Photoinduced charge-transfer is an important process in nature and technology and is responsible for the emergence of exotic functionalities, such as magnetic order for cyanide-bridged bimetallic coordination networks. Despite its broad interest and intensive developments in chemistry and material sciences, the atomic-scale description of the initial photoinduced process, which couples intermetallic charge-transfer and spin transition, has been debated for decades; it has been beyond reach due to its extreme speed. Here we study this process in a prototype cyanide-bridged CoFe system by femtosecond X-ray and optical absorption spectroscopies, enabling the disentanglement of ultrafast electronic and structural dynamics.
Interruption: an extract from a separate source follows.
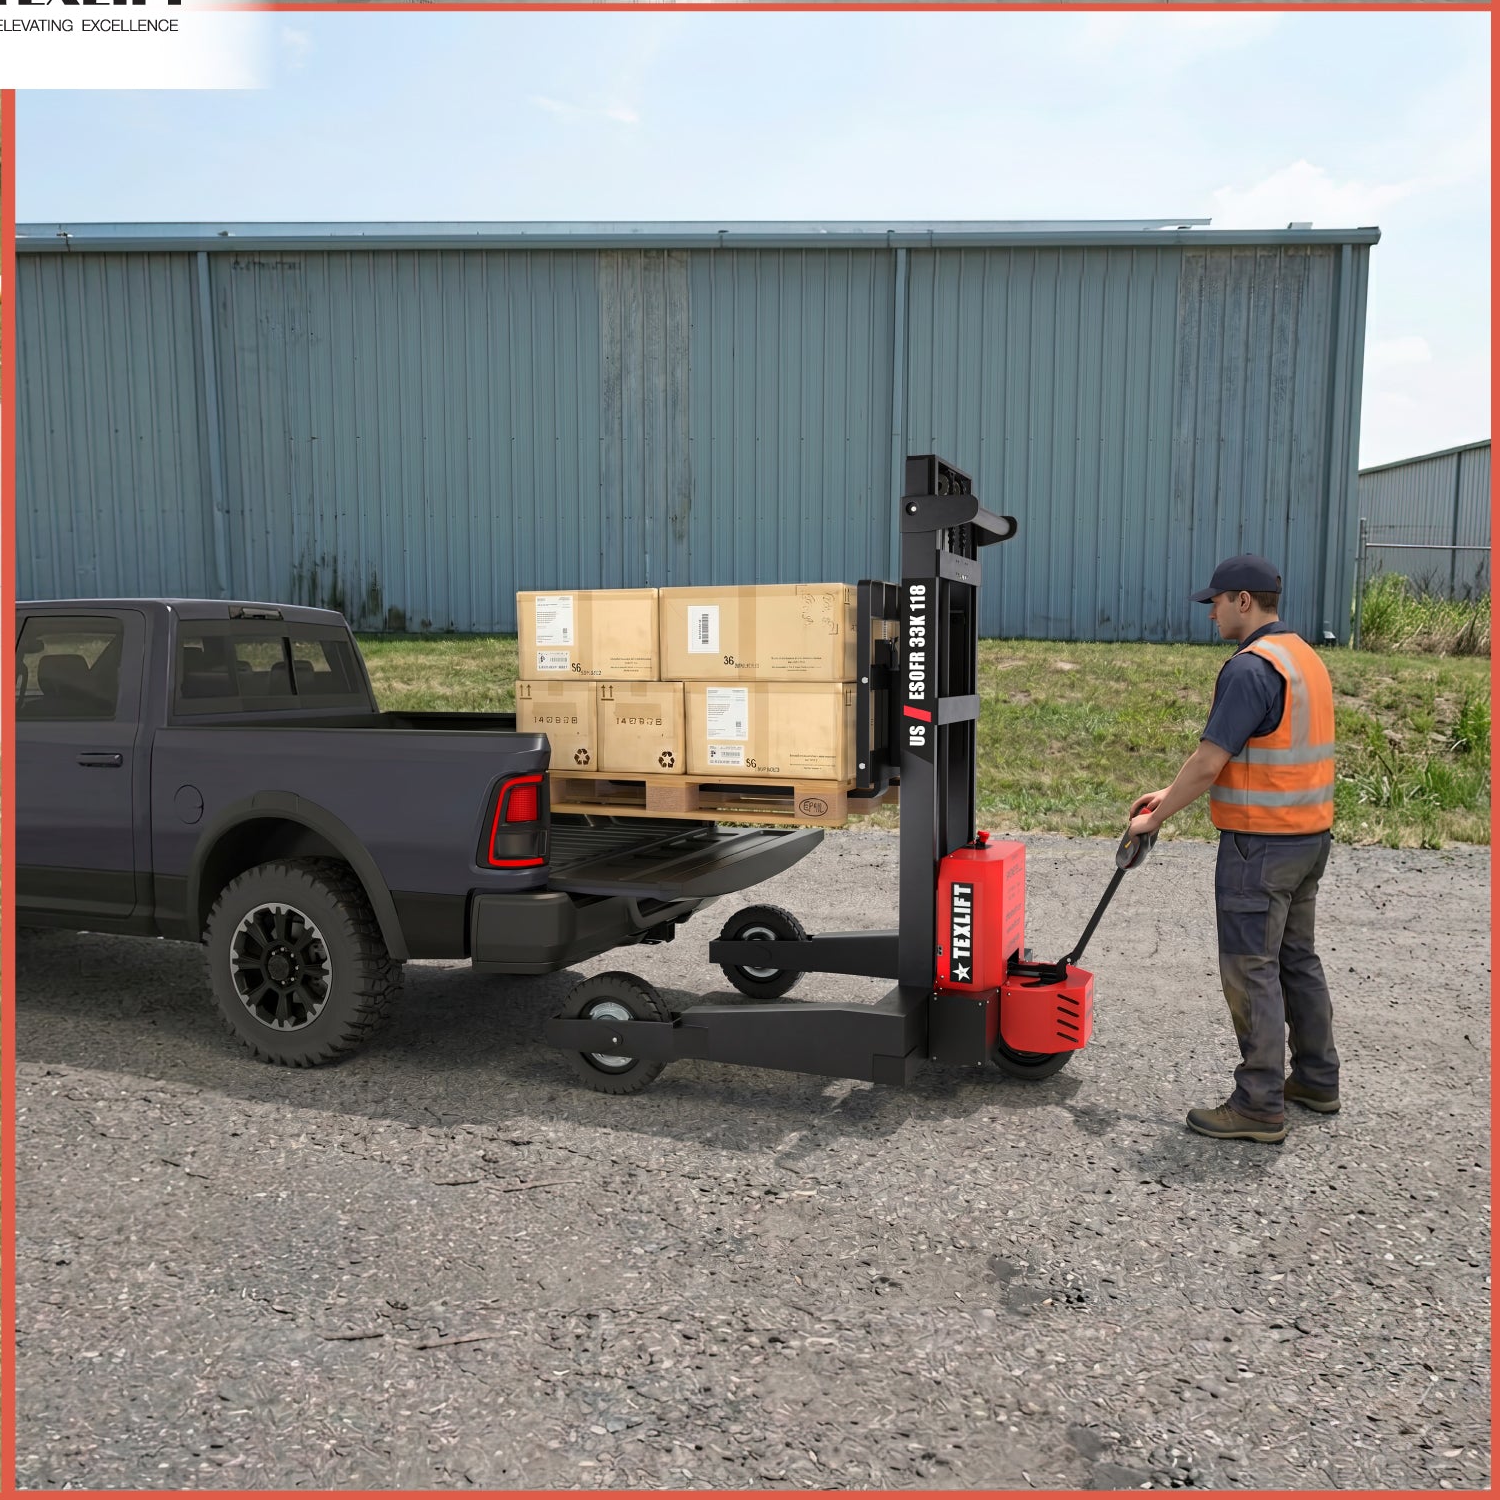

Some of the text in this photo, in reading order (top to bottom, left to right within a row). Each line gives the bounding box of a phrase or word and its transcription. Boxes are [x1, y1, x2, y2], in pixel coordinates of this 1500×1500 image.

[908, 584, 926, 747] US ESOFR 33K 118
[953, 885, 971, 958] TEXLIFT
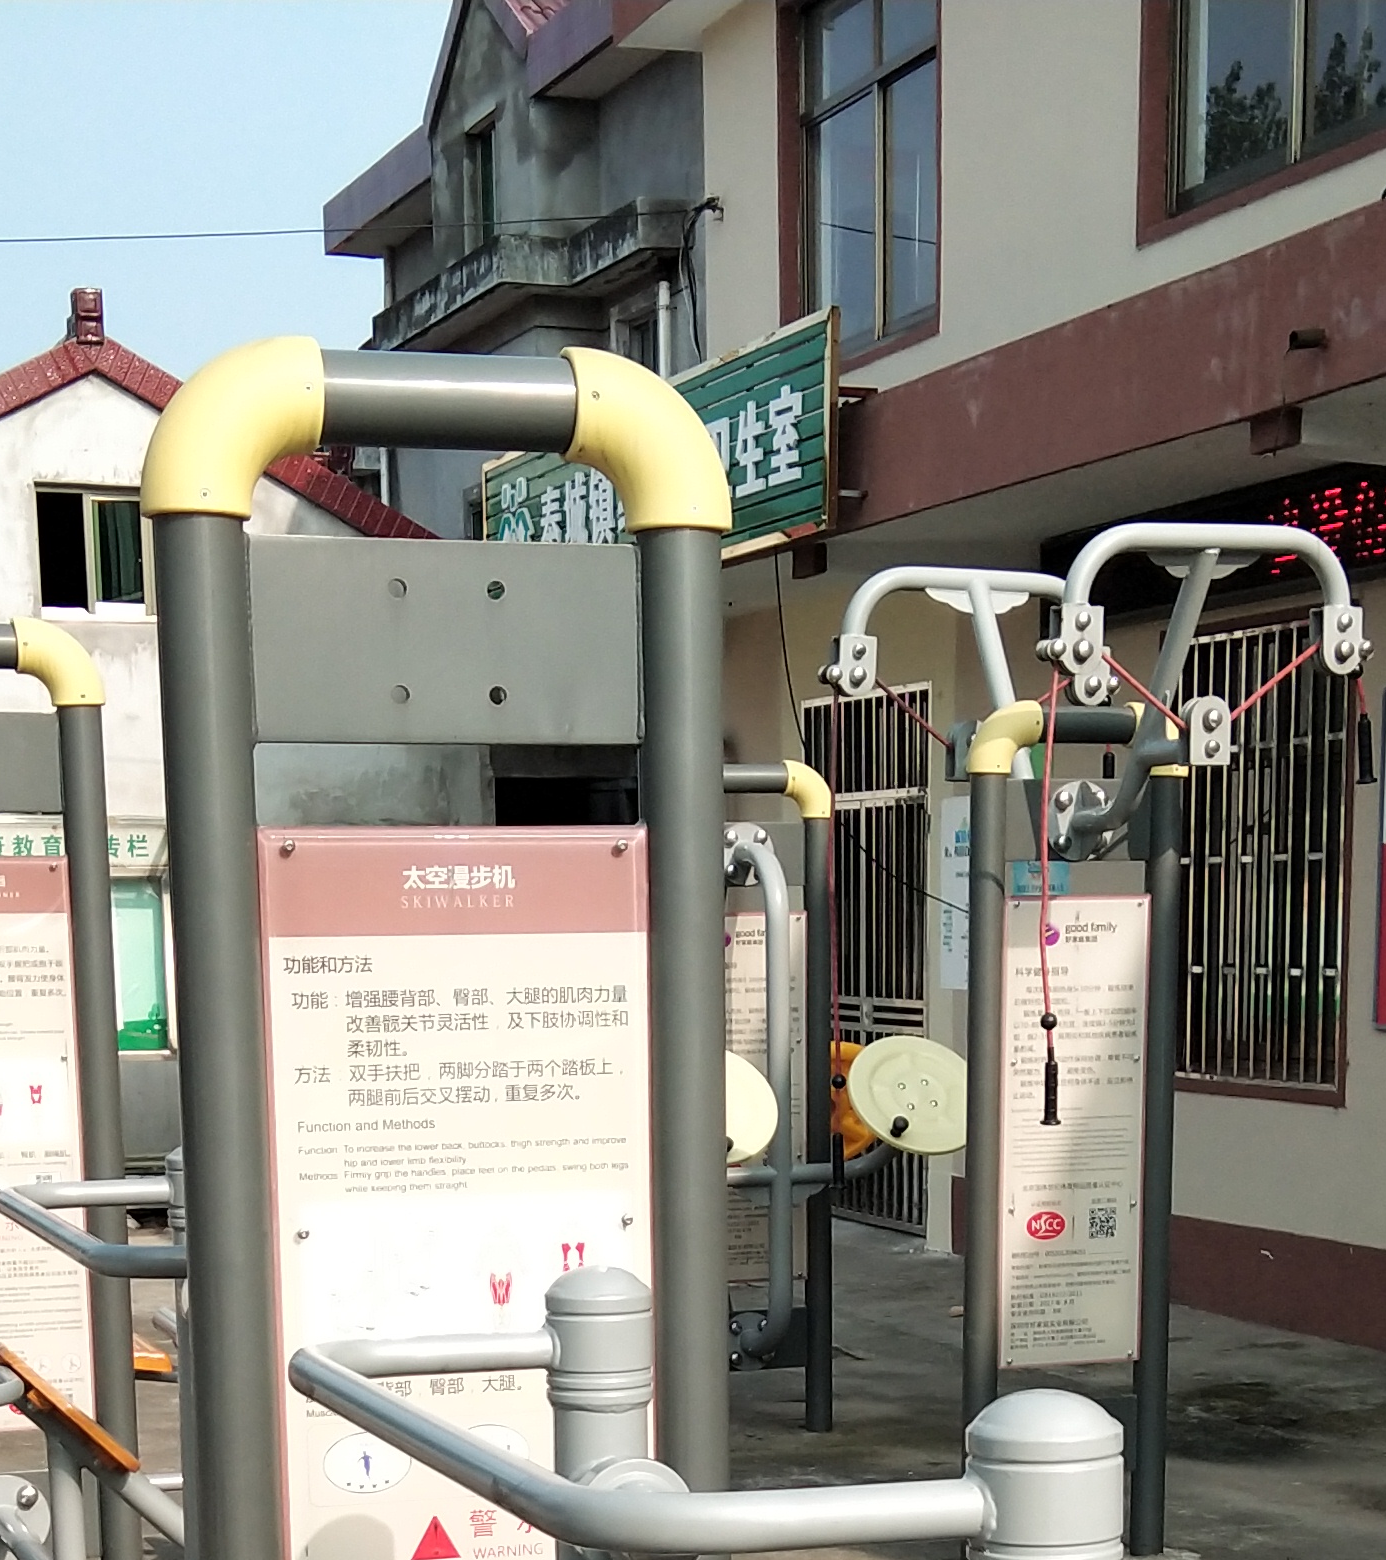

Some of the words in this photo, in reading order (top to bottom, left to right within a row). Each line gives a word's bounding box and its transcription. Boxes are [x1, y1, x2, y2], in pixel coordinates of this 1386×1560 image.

Our results demonstrate that it is the spin transition that occurs first on the Co site within ~50 fs, and it is this that drives the subsequent Fe-to-Co charge-transfer within ~200 fs. This study represents a step towards understanding and controlling charge-transfer-based functions using light.

光致电荷转移是自然界和技术中的一个重要过程，是产生奇异功能的原因，例如氰化物桥接双金属配位网络的磁序。尽管它在化学和材料科学领域有着广泛的兴趣和深入的发展，但对结合金属间电荷转移和自旋跃迁的初始光诱导过程的原子级描述已经争论了几十年。由于其极快的速度，它已经遥不可及。在这里，我们通过飞秒 X 射线和光学吸收光谱在原型氰化物桥接 CoFe 系统中研究这一过程，从而能够解开超快电子和结构动力学的纠缠。我们的结果表明，在~50 fs 内首先发生在 Co 位点的是自旋跃迁，正是这一点在~200 fs 内驱动了随后的 Fe-to-Co 电荷转移。这项研究代表了使用光理解和控制基于电荷转移的功能的一步。